Clearly Google itself is a highly significant player in the cloud hosting space. Like Amazon, Google also supports a large suite of mature, complementary services for running third-party applications on Google’s formidable cloud infrastructure. Here are a few to get started:

  • Datastore — This is Google’s persistence service based on the structured data, column-organized BigTable, as discussed in this chapter.
  • Blob store — Large object data storage, for objects that will not fit in Google’s structured datastore. Blob files are submitted using HTTP operations, often with a simple form.
  • Memcache API — A high-performance distributed in-memory cache that applications access in front of persistent storage, like Datastore. Memcache uses the JCache API, a standard caching interface. Redundant queries accessing the same data should make use of the memcache API. The memcache API is designed to work in a highly scalable load-balanced environment.

For App Engine pricing:

https://cloud.google.com/pricing/

Joyent: Hosted MongoDB+node.js

The Joyent cloud-hosting platform optimizes the performance of several widely popular cloud-computing technologies not presented in this version of Enterprise Android. Joyent is notable as having hosted Twitter for a time — certainly a web scale application. These components include:

  • MongoDB — A horizontally scaled, completely JSON-oriented columnar style database. MongoDB is a “document-centric” database in which developers can directly insert or delete JSON objects with no requirement to pre-define schema for storage.
  • node.js — An event-driven service development platform that leverages client-side web development mindshare by using JavaScript as a server-side development technology. Developers write services completely in JavaScript. Node.js strongly defines methods of interaction, so all services running on a node.js installation integrate with each other by default.
  • Hadoop — A platform that supports data-intensive applications, supporting petabytes of data. Hadoop supports a computational paradigm known as MapReduce that enables processing of large datasets. MapReduce breaks up large computing problems into small pieces so that they can be processed on parallel hardware:

http://en.wikipedia.org/wiki/Hadoop

Red Hat OpenShift

Red Hat has created an open source cloud-computing platform called OpenShift. OpenShift is notable because it takes a different approach than some of the other providers. Where Amazon or Google create an explicit API for their services that they intend developers to consume directly, OpenShift allows developers to select a pre-configured, usually open source API for development. Developers also have the option to define their own new “cartridge” or set of OpenShift APIs. The result is that developers end up using the API of their choice while still getting the benefit of cloud hosting. For those concerned about “vendor lock-in,” becoming too directly dependent on the APIs of any particular vendor, OpenShift can potentially help developers avoid this pitfall.

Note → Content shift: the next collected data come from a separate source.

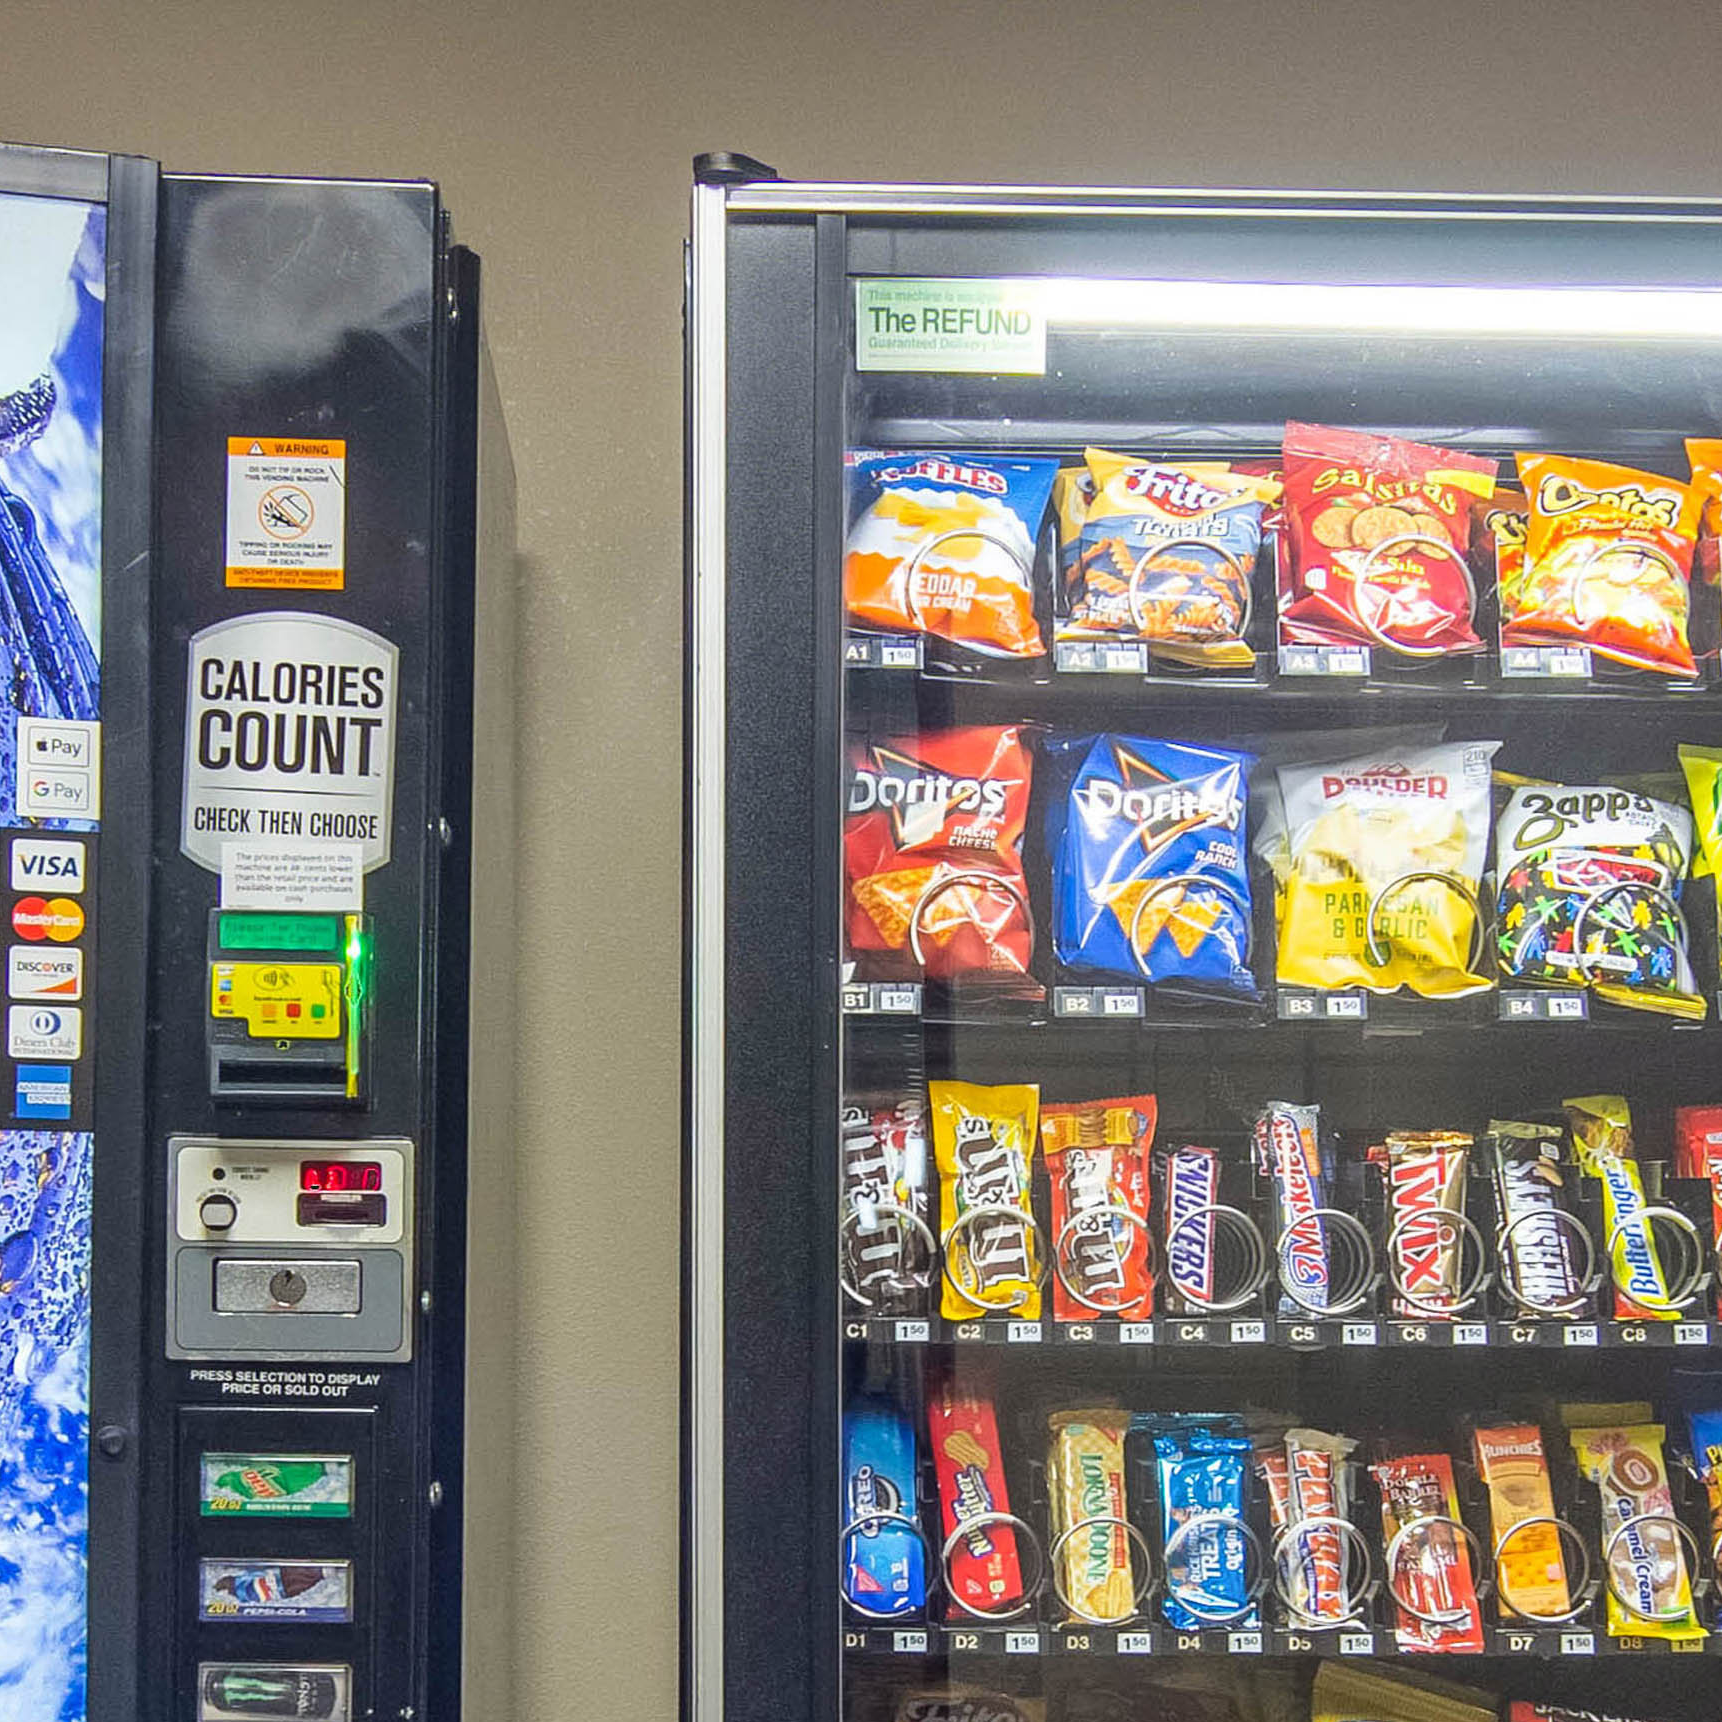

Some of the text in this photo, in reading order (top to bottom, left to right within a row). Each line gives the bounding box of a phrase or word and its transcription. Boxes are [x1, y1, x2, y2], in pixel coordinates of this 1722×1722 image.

[868, 307, 1031, 336] The REFUND
[274, 444, 329, 455] WARNING
[200, 658, 384, 709] CALORIES
[51, 738, 82, 758] Pay
[199, 708, 382, 777] COUNT
[54, 782, 83, 800] Pay
[849, 772, 1006, 812] Doritos
[1323, 776, 1448, 799] BOULDER
[1089, 779, 1243, 829] Doritos
[194, 806, 379, 839] CHECK THEN CHOOSE
[18, 854, 79, 877] VISA
[16, 961, 75, 973] DISCOVER
[845, 993, 866, 1008] B1
[1066, 998, 1090, 1012] B2
[1289, 1000, 1314, 1013] B3
[1510, 1001, 1534, 1015] B4
[1170, 1153, 1210, 1290] SNICKERS
[846, 1325, 868, 1338] C1
[957, 1325, 981, 1340] C2
[1069, 1326, 1093, 1340] C3
[1180, 1326, 1205, 1340] C4
[1402, 1327, 1426, 1341] C6
[1622, 1328, 1646, 1342] C8
[191, 1370, 380, 1386] PRESS SELECTION TO DISPLAY
[222, 1383, 349, 1397] PRICE OR SOLD OUT
[845, 1634, 867, 1648] D1
[1066, 1636, 1090, 1649] D3
[1178, 1637, 1201, 1650] D4
[1288, 1637, 1312, 1651] D5
[1510, 1638, 1533, 1651] D7

OpenShift supports the following set of default cartridges, which provide support for environments from JBoss (a popular Java server technology) to Ruby (a popular open source programming language):

https://openshift.redhat.com/community/developers/technologies

Now with enough background on cloud computing and service development technologies, you’re ready to jump into the chapter code examples.

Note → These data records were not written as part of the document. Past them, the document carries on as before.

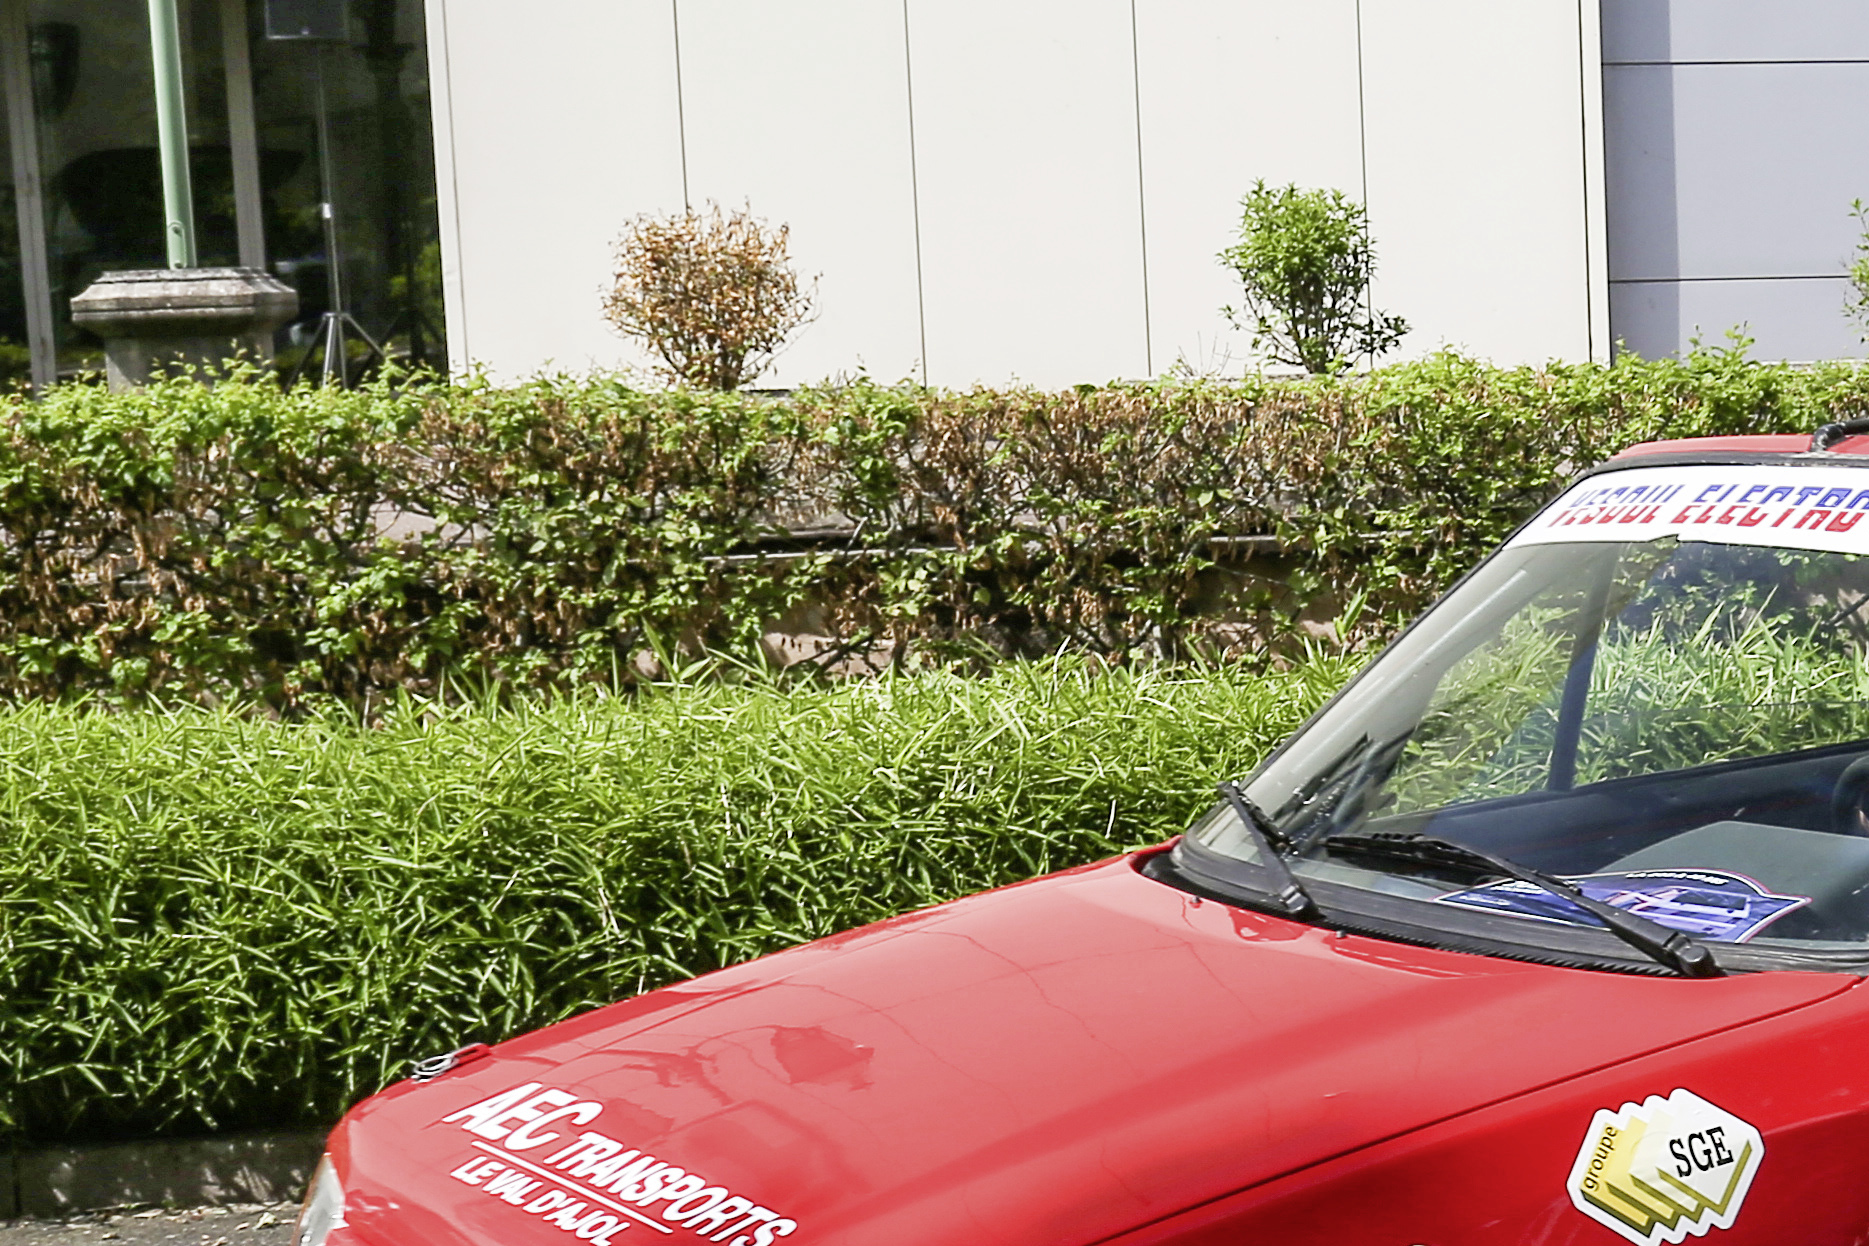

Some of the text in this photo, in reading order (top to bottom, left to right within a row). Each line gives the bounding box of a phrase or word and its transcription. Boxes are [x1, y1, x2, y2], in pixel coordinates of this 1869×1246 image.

[442, 1081, 603, 1151] AEC
[450, 1155, 499, 1186] LE
[482, 1168, 543, 1206] VAL
[1583, 1125, 1619, 1191] groupe
[1669, 1126, 1734, 1178] SGE

EXPLORING THE CODE EXAMPLES

This chapter provides contact service implementations for the two most popular cloud service platforms discussed in this chapter: Amazon Web Services (AWS) and Google App Engine. The examples build on the work done in Chapter 6 with the Spring-based contacts services — you’ll build two new contact service variants for both of these service platforms. The examples will walk through specific code that demonstrates topics this chapter has covered so far, such as building NoSQL indexes and using range queries. Each service reuses much of the code from Chapter 6, taking advantage of its three-tier architecture. With some configuration aside, these services only need to provide their own new implementation of the contact DAO interface. In a production deployment this architecture would mean that you could easily switch between cloud providers and databases. This is a nice advantage given competing prices and designs prevalent in today’s cloud services market.

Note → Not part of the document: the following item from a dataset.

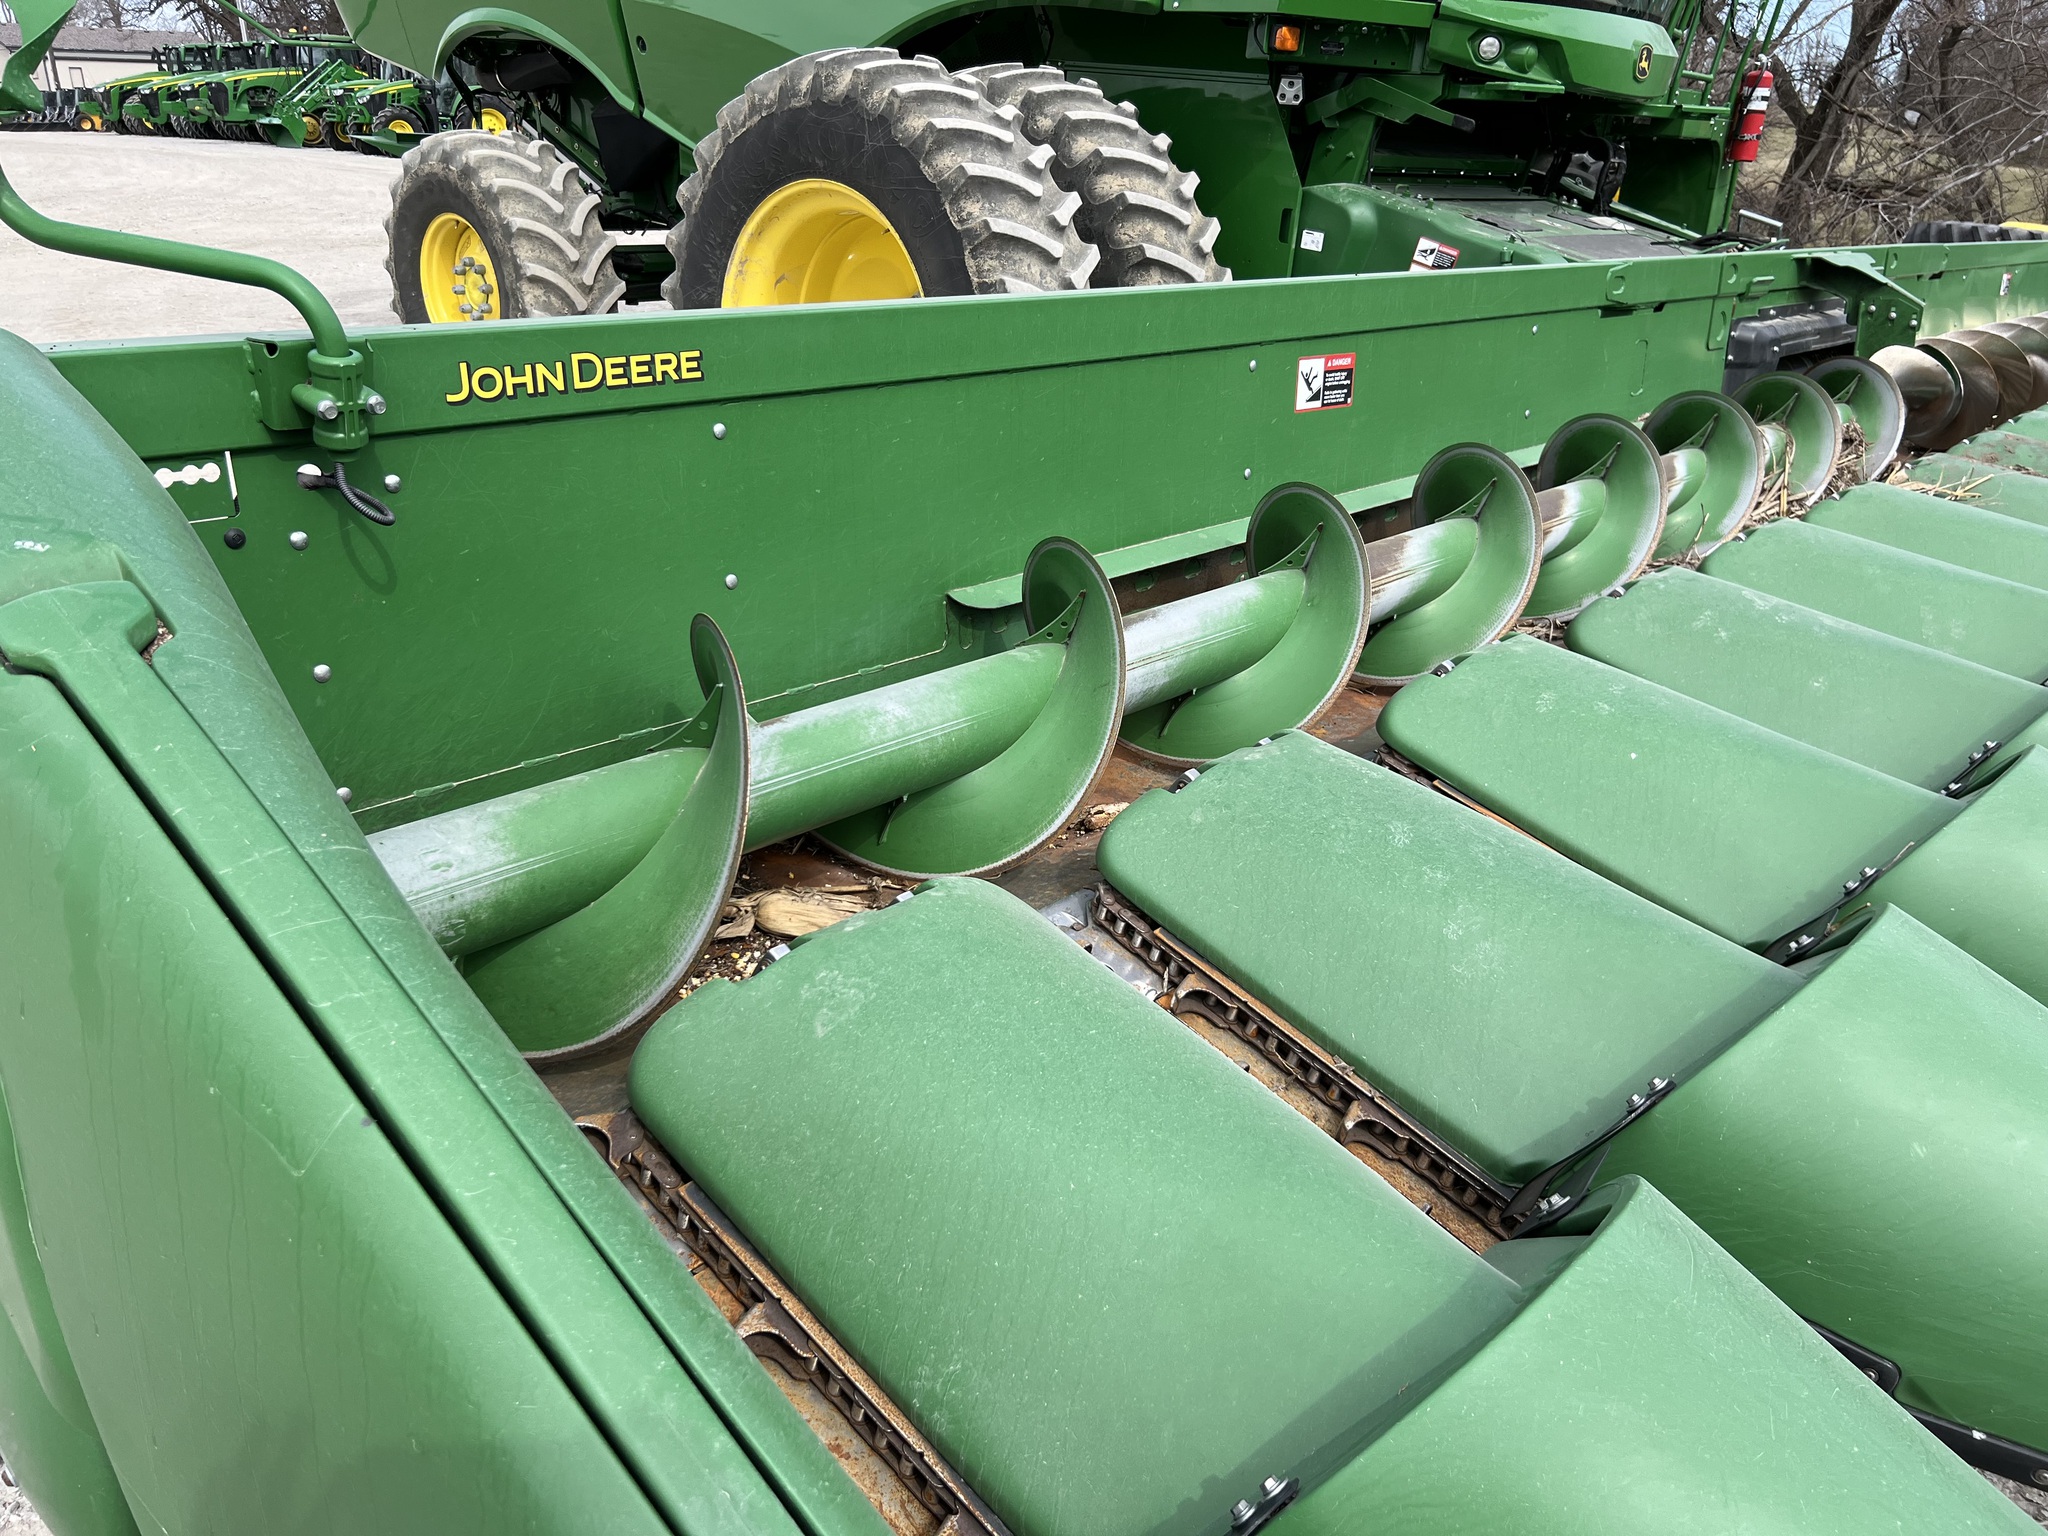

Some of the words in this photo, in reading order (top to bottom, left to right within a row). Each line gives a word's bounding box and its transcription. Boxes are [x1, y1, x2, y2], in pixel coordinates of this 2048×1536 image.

[446, 361, 567, 405] JOHN
[570, 350, 704, 393] DEERE
[1332, 357, 1352, 366] DANGER

Note that the idea behind these examples is to give you a taste of what it’s like to develop in each environment and to get you thinking about how to solve common mobile data problems with these technologies. The examples are not intended to provide a comprehensive introduction to the relevant platforms. Authors have filled volumes on both of them.

The Contacts DAO Interface (Again)

Recall the contacts DAO interface introduced in the previous chapter. The DAO interface for this chapter includes methods for finding and manipulating contacts, as shown in Listing 7-5.

LISTING 7-5: Contact DAO review

  package com.wiley.demo.android.dao;
 
  import java.io.IOException;
  import java.util.List;
 
  import com.wiley.demo.android.dataModel.Contact;
 
  public interface ContactDao {
      Contact getContact(String userId, String id) throws IOException;
     String storeOrUpdateContact(String userId, Contact contact) throws IOException;
     List<Contact> findContactFirstName(String userId, String firstName, 
         int start, int numOfmatches);
     List<Contact> findChanged(String userId, long timestamp, int start, int 
           numOfmatches);
     void delete(String userId, String id) throws IOException;
     List<Contact> getAll(String userId, int start, int numOfmatches) throws 
           IOException;
 }

The remaining sections of the chapter will cover example code for implementations of this interface using Amazon DynamoDB and Google App Engine.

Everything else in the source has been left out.